[Dataset items]
···

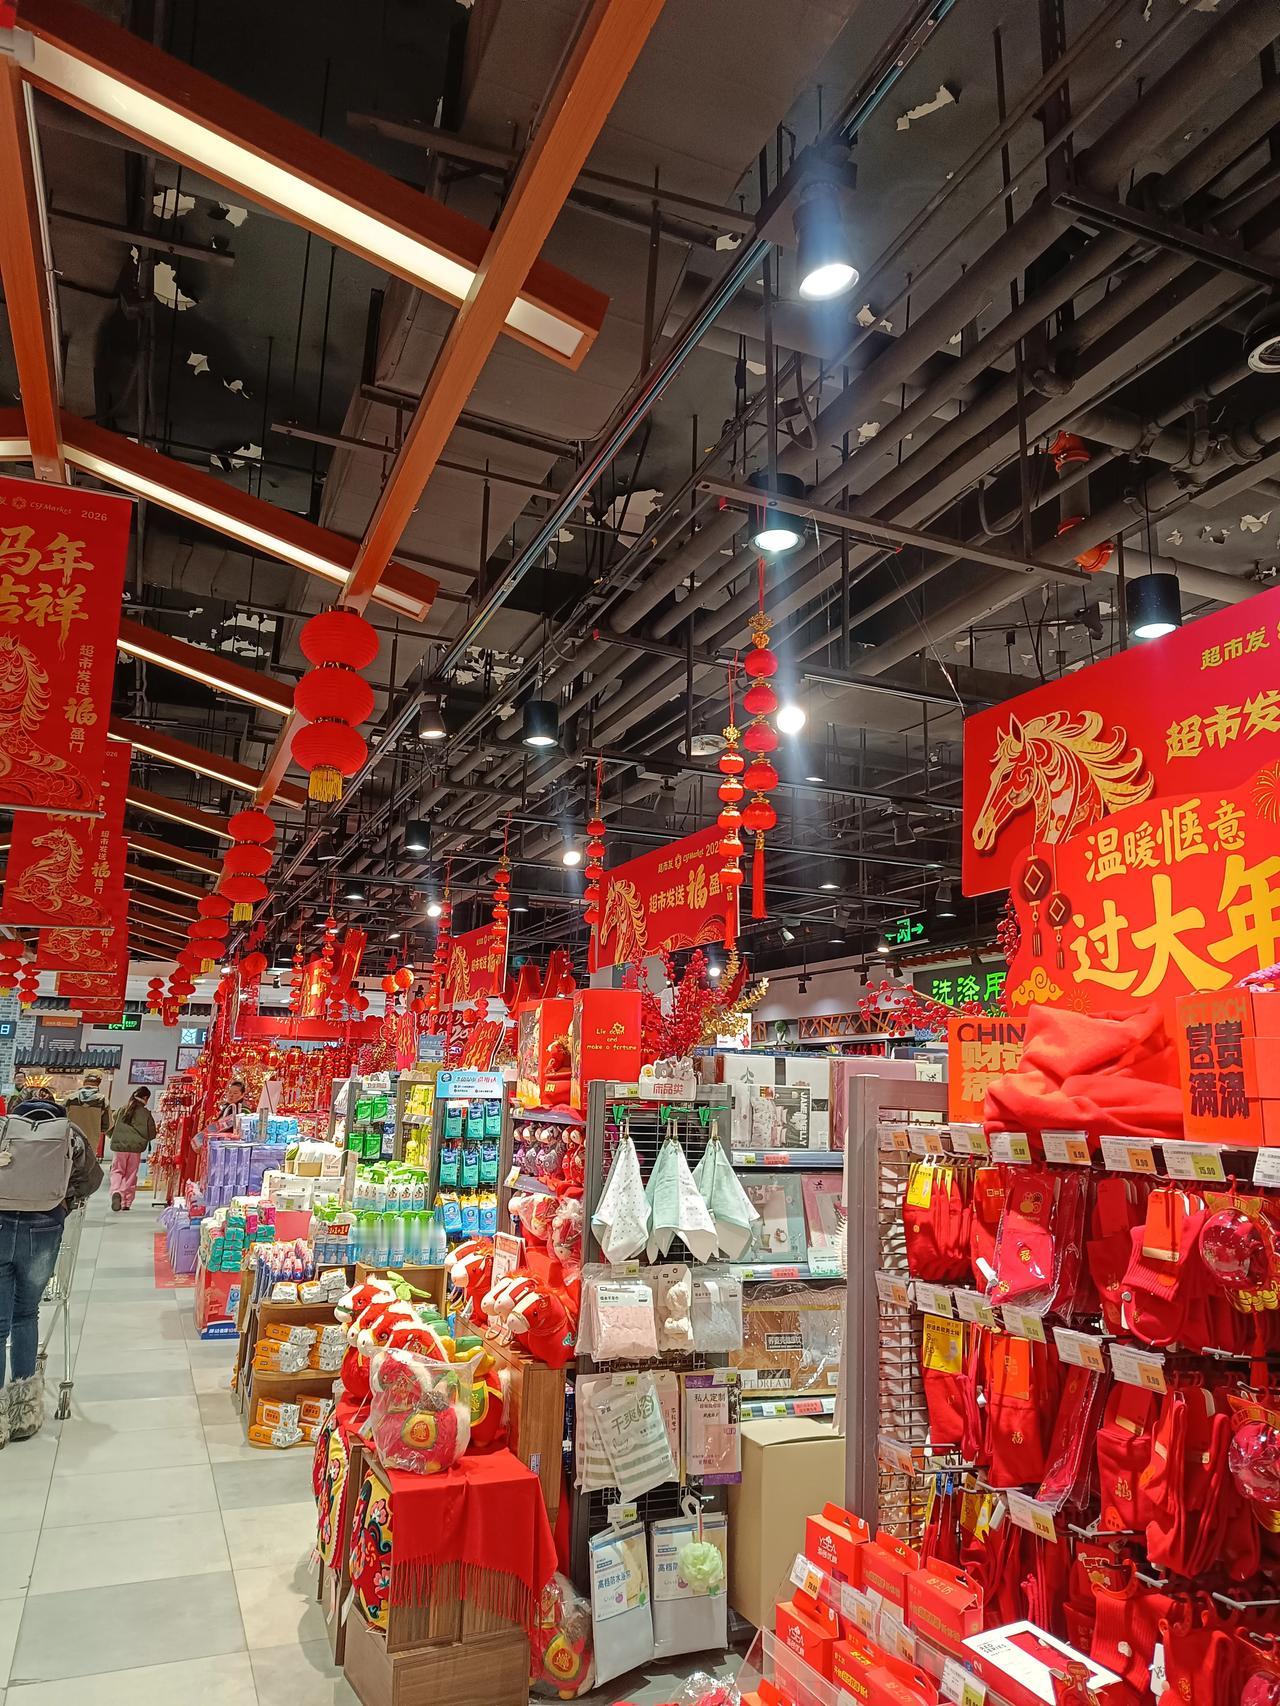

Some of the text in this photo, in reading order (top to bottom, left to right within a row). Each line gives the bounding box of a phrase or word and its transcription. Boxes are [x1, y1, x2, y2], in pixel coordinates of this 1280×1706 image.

[81, 510, 107, 521] 2026
[0, 526, 95, 585] 马年
[0, 573, 89, 662] 吉祥
[1200, 626, 1270, 670] 超市发
[63, 645, 98, 753] 超市发送福盈门
[1165, 690, 1280, 765] 超市发
[705, 840, 722, 857] 202
[1085, 798, 1246, 882] 温暖惬意
[649, 864, 723, 914] 超市发送福盈
[1070, 854, 1280, 997] 过大年
[1189, 1072, 1250, 1119] 满满
[757, 1379, 790, 1389] DREAM

···

> [TASK REQUIREMENTS]:
Please print the entries above exactly. Skip every picture.

> [OUTPUT BELOW]:
Some of the text in this photo, in reading order (top to bottom, left to right within a row). Each line gives the bounding box of a phrase or word and its transcription. Boxes are [x1, y1, x2, y2], in pixel coordinates of this 1280×1706 image.

[81, 510, 107, 521] 2026
[0, 526, 95, 585] 马年
[0, 573, 89, 662] 吉祥
[1200, 626, 1270, 670] 超市发
[63, 645, 98, 753] 超市发送福盈门
[1165, 690, 1280, 765] 超市发
[705, 840, 722, 857] 202
[1085, 798, 1246, 882] 温暖惬意
[649, 864, 723, 914] 超市发送福盈
[1070, 854, 1280, 997] 过大年
[1189, 1072, 1250, 1119] 满满
[757, 1379, 790, 1389] DREAM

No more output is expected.